**Information shown:**
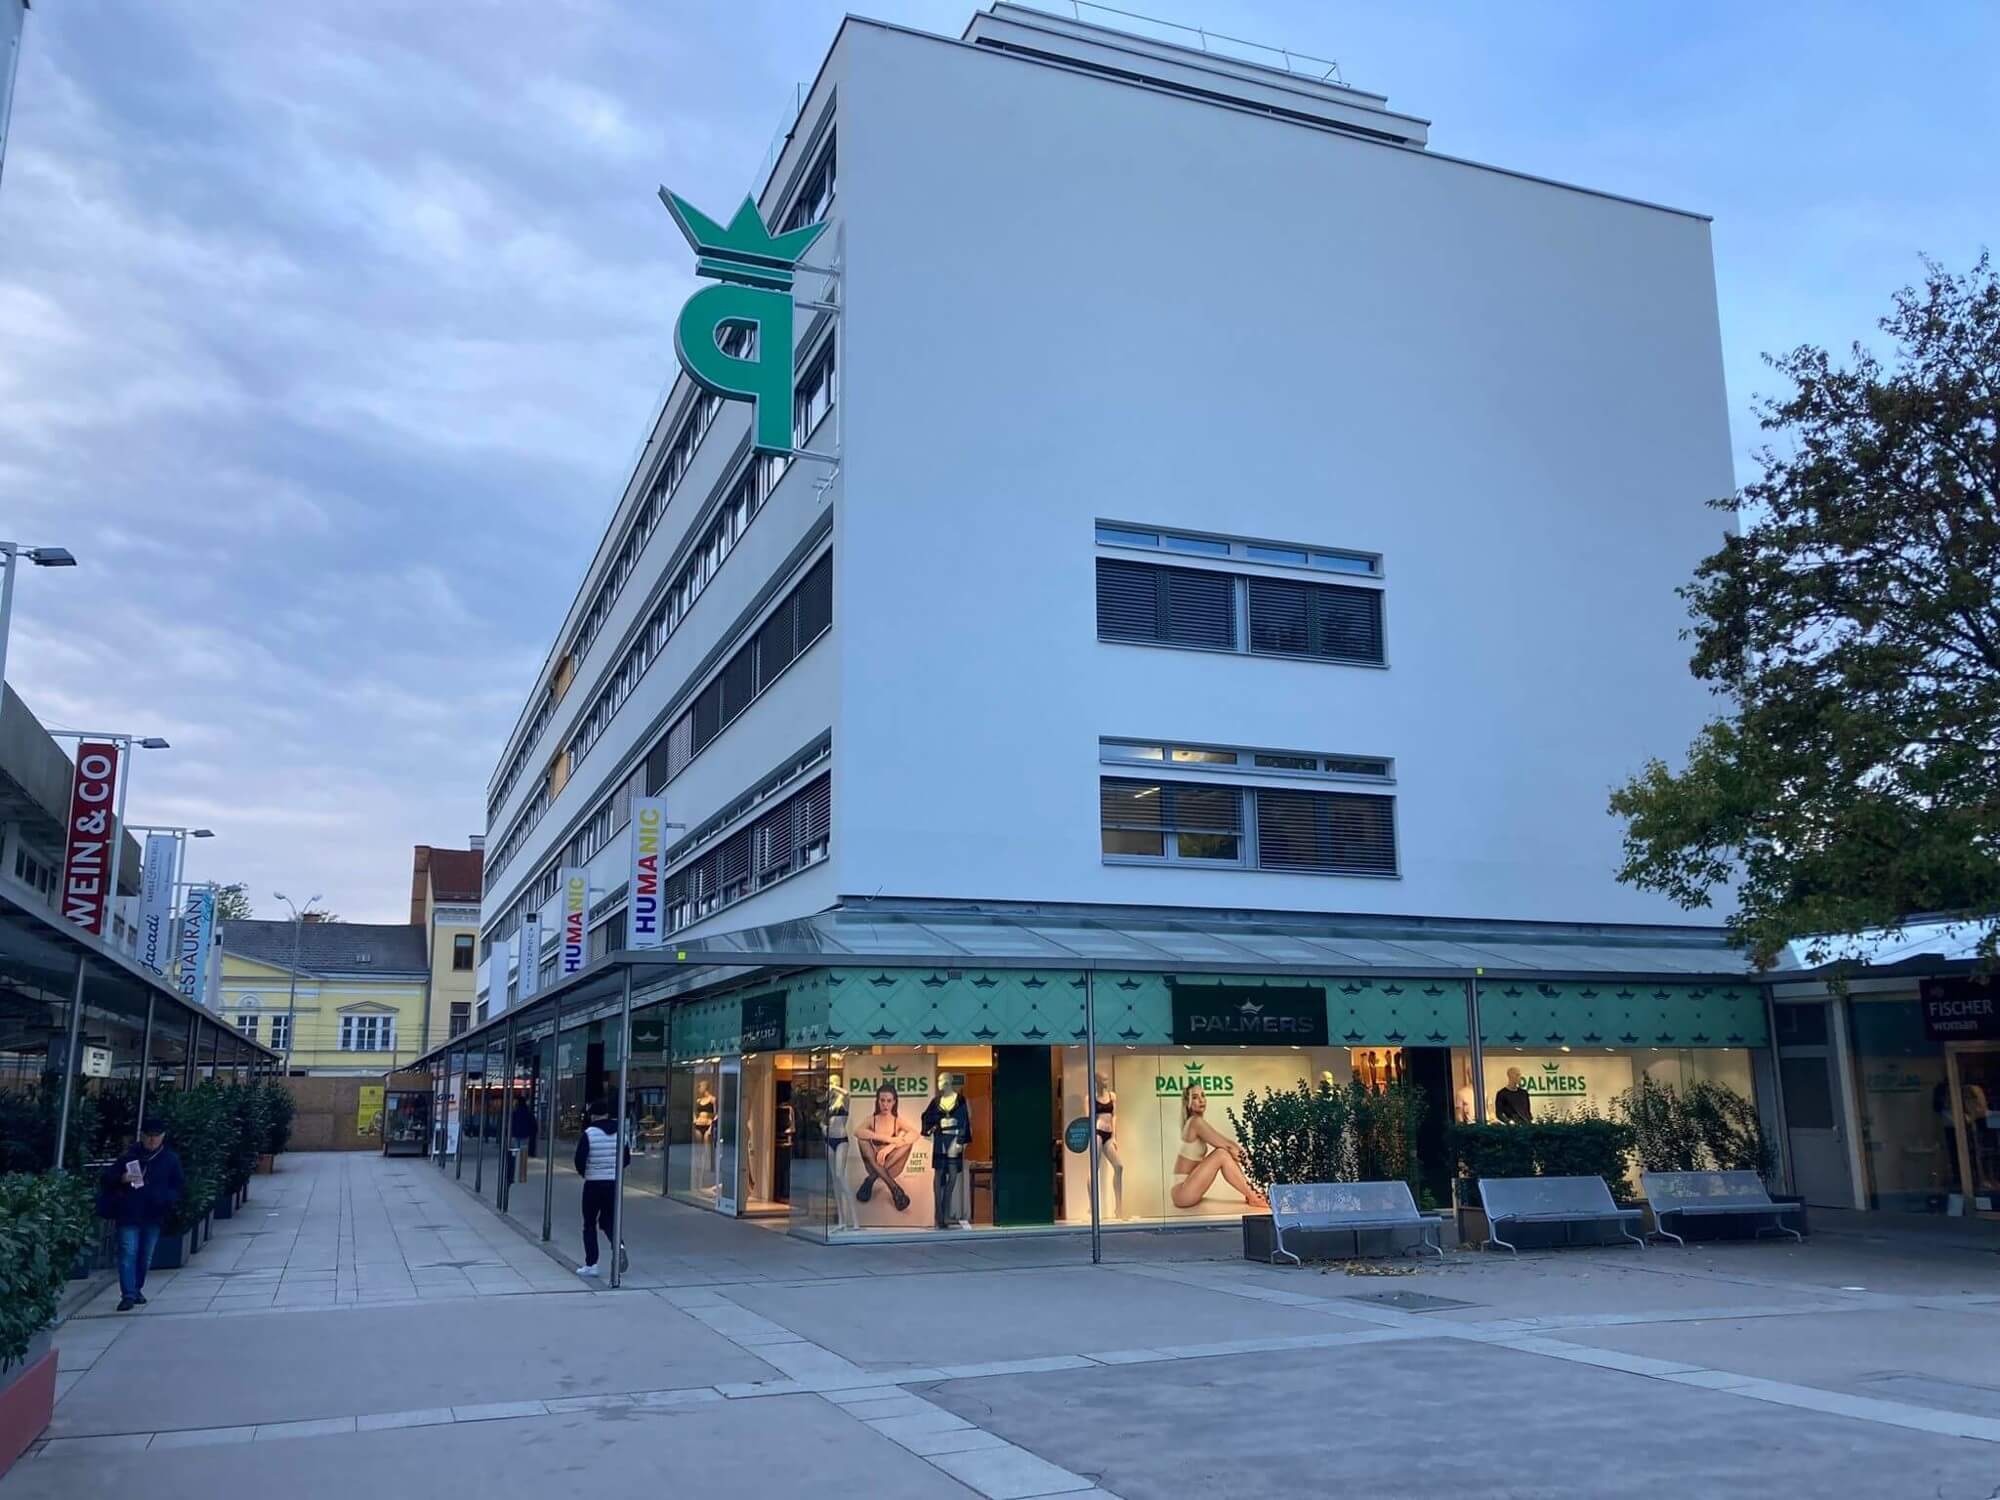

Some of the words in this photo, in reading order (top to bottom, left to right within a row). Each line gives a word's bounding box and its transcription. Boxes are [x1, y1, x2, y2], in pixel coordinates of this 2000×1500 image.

[78, 754, 112, 803] CO
[76, 808, 106, 835] &
[65, 841, 103, 927] WEIN
[636, 808, 660, 934] HUMANIC
[178, 889, 203, 995] ESTAURANT
[565, 877, 585, 973] HUMANIC
[1190, 1015, 1316, 1033] PALMERS
[1929, 999, 1995, 1017] FISCHER

**What to do:** Restate all entries above exactly, but not the images.

**Solution:**
Some of the words in this photo, in reading order (top to bottom, left to right within a row). Each line gives a word's bounding box and its transcription. Boxes are [x1, y1, x2, y2], in pixel coordinates of this 2000×1500 image.

[78, 754, 112, 803] CO
[76, 808, 106, 835] &
[65, 841, 103, 927] WEIN
[636, 808, 660, 934] HUMANIC
[178, 889, 203, 995] ESTAURANT
[565, 877, 585, 973] HUMANIC
[1190, 1015, 1316, 1033] PALMERS
[1929, 999, 1995, 1017] FISCHER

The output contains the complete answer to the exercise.